## WORK INSTRUCTION
Every entry is to be returned exactly as it stands; the pictures are to be dropped.

________

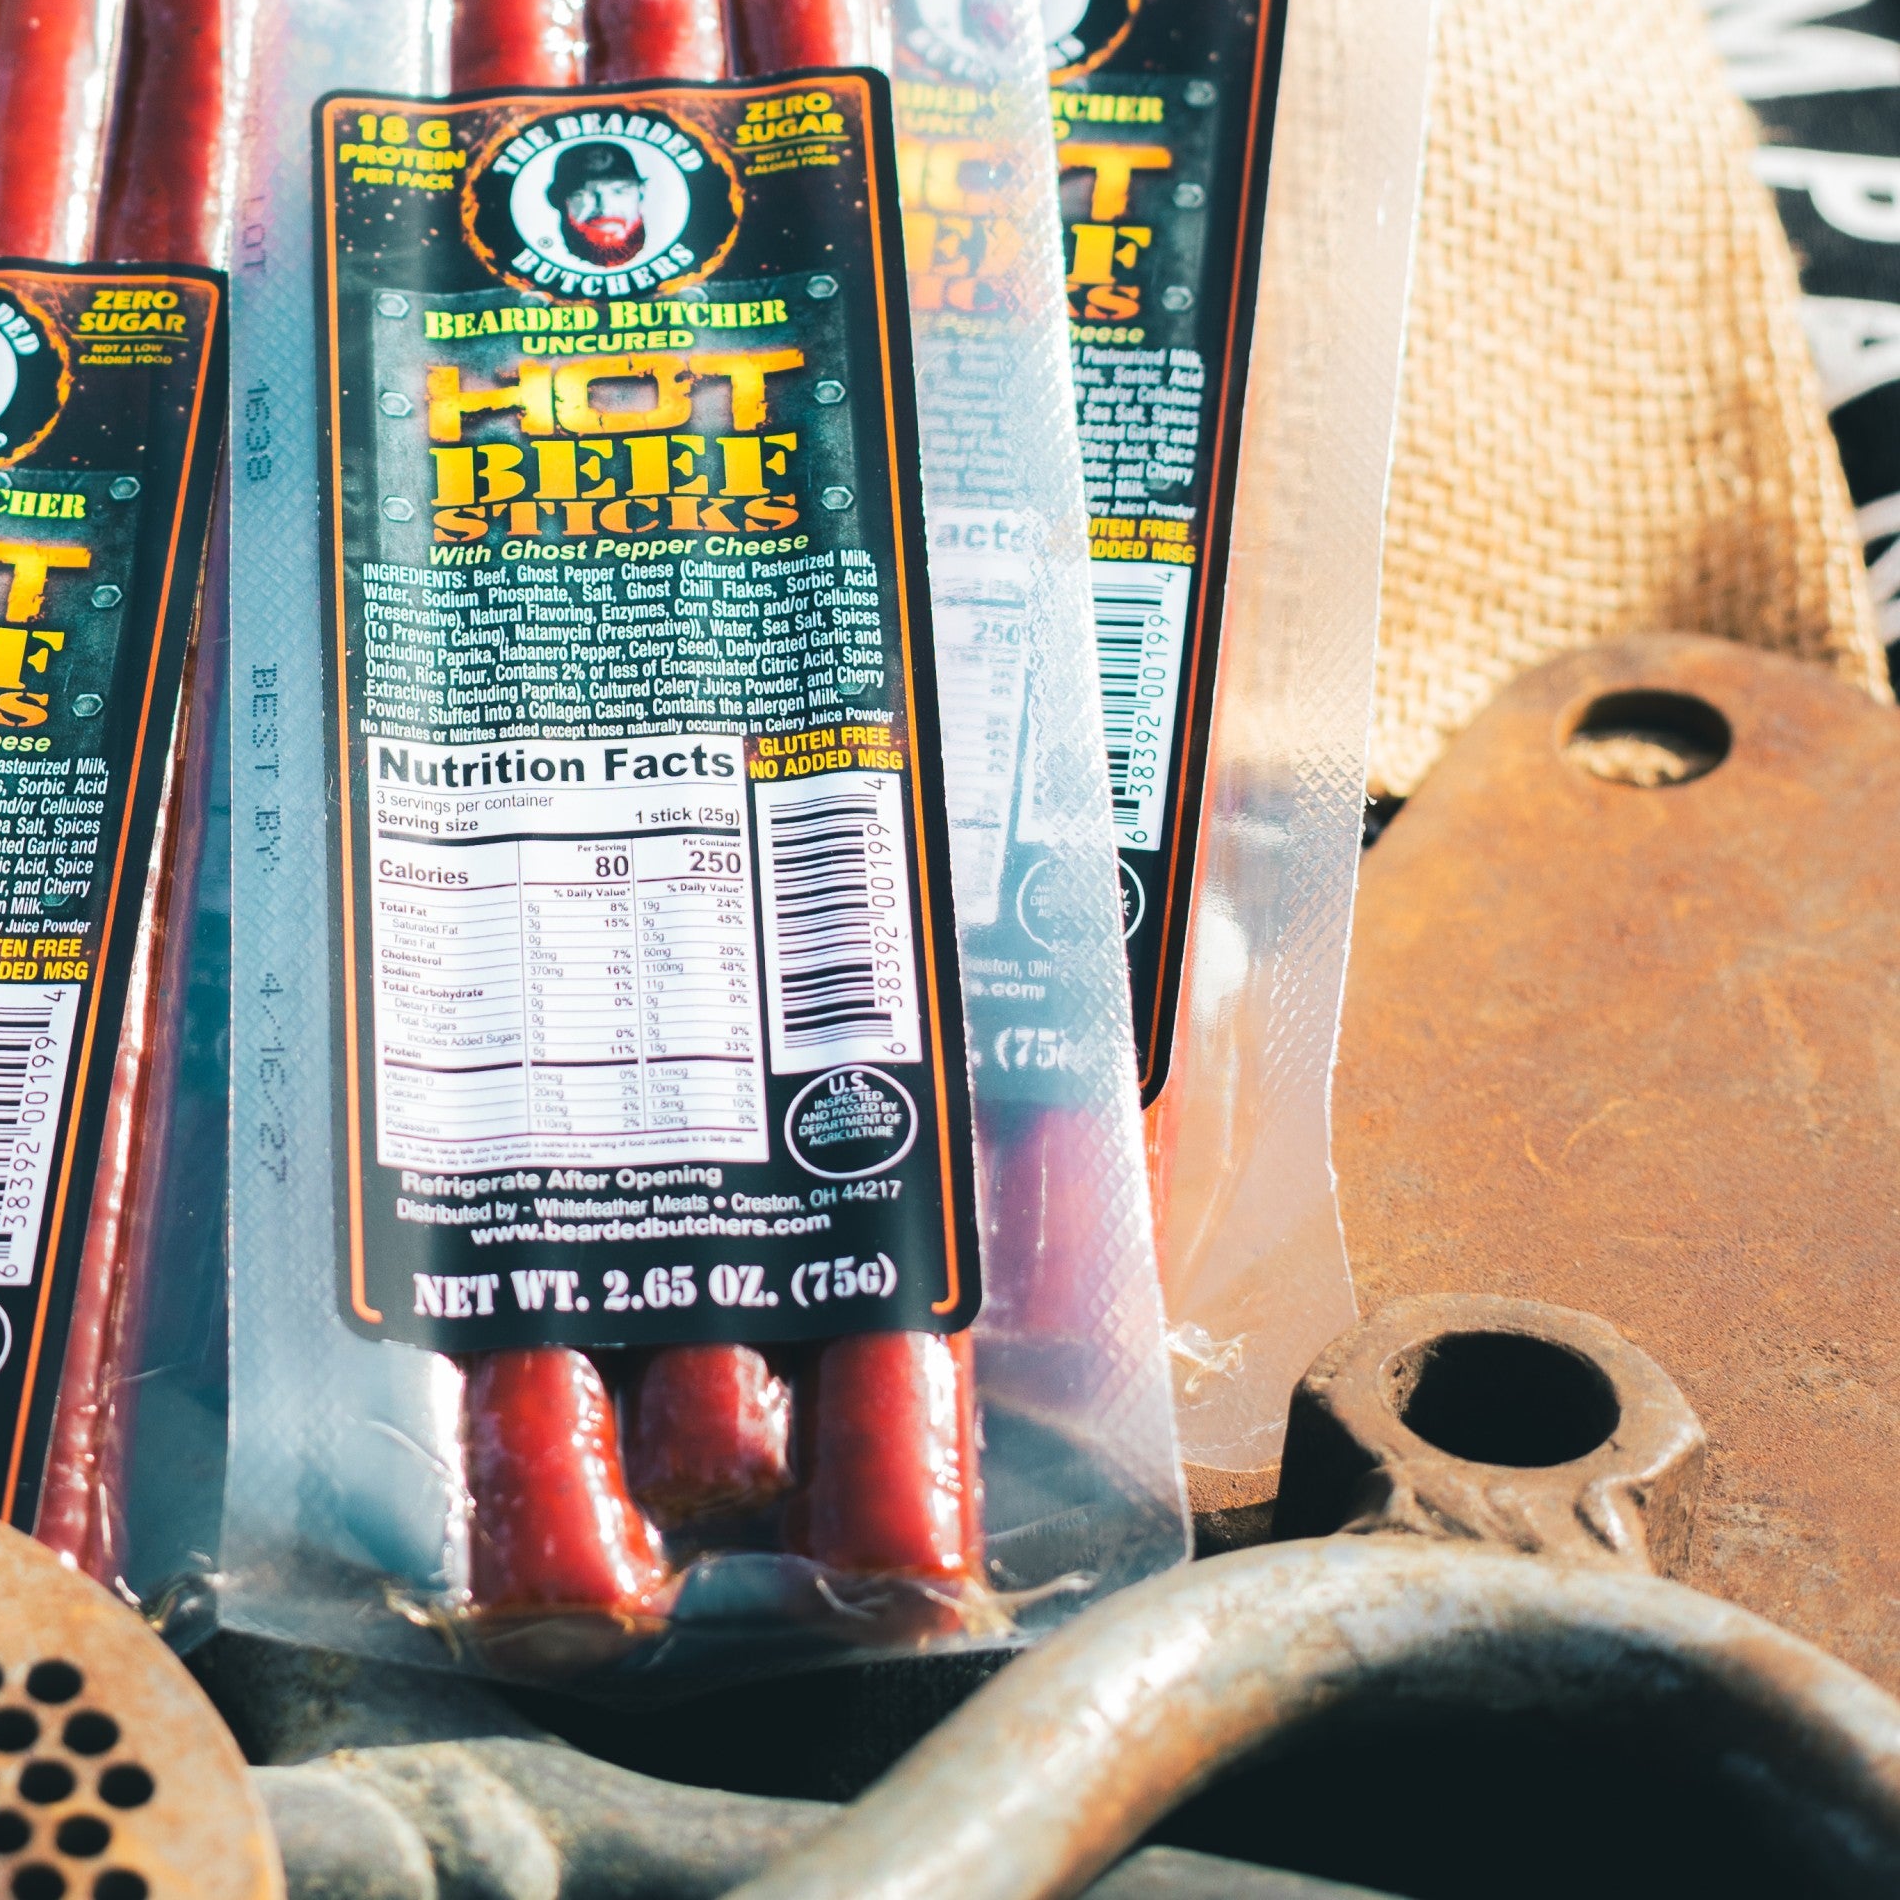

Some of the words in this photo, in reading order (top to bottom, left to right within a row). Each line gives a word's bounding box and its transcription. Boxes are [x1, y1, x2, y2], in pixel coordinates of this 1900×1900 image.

[745, 92, 833, 122] ZERO
[359, 115, 411, 142] 18
[417, 118, 451, 146] G
[736, 112, 844, 145] SUGAR
[340, 143, 466, 170] PROTEIN
[491, 121, 553, 176] THE
[556, 113, 704, 176] BEARDED
[352, 168, 393, 186] PER
[397, 169, 454, 190] PACK
[511, 241, 697, 297] BUTCHERS
[92, 290, 179, 310] ZERO
[78, 311, 187, 334] SUGAR
[425, 307, 599, 340] BEARDED
[609, 299, 789, 330] BUTCHER
[522, 330, 694, 355] UNCURED
[426, 348, 805, 442] HOT
[429, 433, 798, 508] BEEF
[433, 494, 800, 542] STICKS
[1140, 519, 1189, 543] FREE
[429, 545, 491, 565] With
[501, 539, 587, 560] Ghost
[594, 537, 698, 561] Pepper
[705, 535, 809, 556] Cheese
[1152, 541, 1196, 565] MSG
[363, 563, 467, 588] INGREDIENTS:
[474, 568, 511, 587] Beef,
[517, 565, 558, 583] Ghost
[565, 565, 615, 585] Pepper
[621, 562, 674, 579] Cheese
[680, 559, 745, 580] (Cultured
[752, 551, 835, 578] Pasteurized
[841, 550, 876, 569] Milk,
[364, 583, 414, 606] Water,
[422, 590, 479, 608] Sodium
[489, 585, 572, 605] Phosphate,
[582, 585, 617, 602] Salt,
[626, 581, 670, 600] Ghost
[680, 580, 713, 597] Chili
[723, 581, 777, 599] Flakes,
[786, 572, 835, 593] Sorbic
[844, 569, 877, 587] Acid
[253, 662, 280, 779] BEST
[759, 729, 835, 756] GLUTEN
[841, 728, 891, 746] FREE
[378, 746, 585, 787] Nutrition
[604, 744, 735, 781] Facts
[750, 760, 779, 778] NO
[784, 752, 852, 776] ADDED
[858, 749, 903, 770] MSG
[391, 793, 451, 815] servings
[457, 800, 481, 814] per
[485, 793, 553, 810] container
[378, 810, 439, 832] Serving
[446, 818, 479, 832] size
[651, 807, 692, 822] stick
[698, 807, 740, 825] (25g)
[379, 859, 468, 884] Calories
[595, 855, 629, 877] 80
[690, 851, 741, 873] 250
[32, 938, 83, 957] FREE
[43, 961, 89, 981] MSG
[829, 1072, 871, 1095] U.S.
[814, 1091, 883, 1110] INSPECTED
[799, 1116, 880, 1136] DEPARTMENT
[883, 1113, 902, 1124] OF
[809, 1126, 894, 1147] AGRICULTURE
[401, 1171, 540, 1199] Refrigerate
[548, 1170, 610, 1191] After
[616, 1165, 722, 1192] Opening
[397, 1197, 491, 1223] Distributed
[496, 1204, 518, 1223] by
[535, 1196, 648, 1220] Whitefeather
[653, 1193, 709, 1215] Meats
[810, 1189, 837, 1206] OH
[842, 1180, 902, 1201] 44217
[471, 1211, 831, 1245] www.beardedbutchers.com
[413, 1272, 499, 1317] NET
[511, 1270, 590, 1311] WT.
[603, 1266, 698, 1311] 2.65
[708, 1264, 778, 1307] OZ.

________

## SOLVED EXERCISE
Some of the words in this photo, in reading order (top to bottom, left to right within a row). Each line gives a word's bounding box and its transcription. Boxes are [x1, y1, x2, y2], in pixel coordinates of this 1900×1900 image.

[745, 92, 833, 122] ZERO
[359, 115, 411, 142] 18
[417, 118, 451, 146] G
[736, 112, 844, 145] SUGAR
[340, 143, 466, 170] PROTEIN
[491, 121, 553, 176] THE
[556, 113, 704, 176] BEARDED
[352, 168, 393, 186] PER
[397, 169, 454, 190] PACK
[511, 241, 697, 297] BUTCHERS
[92, 290, 179, 310] ZERO
[78, 311, 187, 334] SUGAR
[425, 307, 599, 340] BEARDED
[609, 299, 789, 330] BUTCHER
[522, 330, 694, 355] UNCURED
[426, 348, 805, 442] HOT
[429, 433, 798, 508] BEEF
[433, 494, 800, 542] STICKS
[1140, 519, 1189, 543] FREE
[429, 545, 491, 565] With
[501, 539, 587, 560] Ghost
[594, 537, 698, 561] Pepper
[705, 535, 809, 556] Cheese
[1152, 541, 1196, 565] MSG
[363, 563, 467, 588] INGREDIENTS:
[474, 568, 511, 587] Beef,
[517, 565, 558, 583] Ghost
[565, 565, 615, 585] Pepper
[621, 562, 674, 579] Cheese
[680, 559, 745, 580] (Cultured
[752, 551, 835, 578] Pasteurized
[841, 550, 876, 569] Milk,
[364, 583, 414, 606] Water,
[422, 590, 479, 608] Sodium
[489, 585, 572, 605] Phosphate,
[582, 585, 617, 602] Salt,
[626, 581, 670, 600] Ghost
[680, 580, 713, 597] Chili
[723, 581, 777, 599] Flakes,
[786, 572, 835, 593] Sorbic
[844, 569, 877, 587] Acid
[253, 662, 280, 779] BEST
[759, 729, 835, 756] GLUTEN
[841, 728, 891, 746] FREE
[378, 746, 585, 787] Nutrition
[604, 744, 735, 781] Facts
[750, 760, 779, 778] NO
[784, 752, 852, 776] ADDED
[858, 749, 903, 770] MSG
[391, 793, 451, 815] servings
[457, 800, 481, 814] per
[485, 793, 553, 810] container
[378, 810, 439, 832] Serving
[446, 818, 479, 832] size
[651, 807, 692, 822] stick
[698, 807, 740, 825] (25g)
[379, 859, 468, 884] Calories
[595, 855, 629, 877] 80
[690, 851, 741, 873] 250
[32, 938, 83, 957] FREE
[43, 961, 89, 981] MSG
[829, 1072, 871, 1095] U.S.
[814, 1091, 883, 1110] INSPECTED
[799, 1116, 880, 1136] DEPARTMENT
[883, 1113, 902, 1124] OF
[809, 1126, 894, 1147] AGRICULTURE
[401, 1171, 540, 1199] Refrigerate
[548, 1170, 610, 1191] After
[616, 1165, 722, 1192] Opening
[397, 1197, 491, 1223] Distributed
[496, 1204, 518, 1223] by
[535, 1196, 648, 1220] Whitefeather
[653, 1193, 709, 1215] Meats
[810, 1189, 837, 1206] OH
[842, 1180, 902, 1201] 44217
[471, 1211, 831, 1245] www.beardedbutchers.com
[413, 1272, 499, 1317] NET
[511, 1270, 590, 1311] WT.
[603, 1266, 698, 1311] 2.65
[708, 1264, 778, 1307] OZ.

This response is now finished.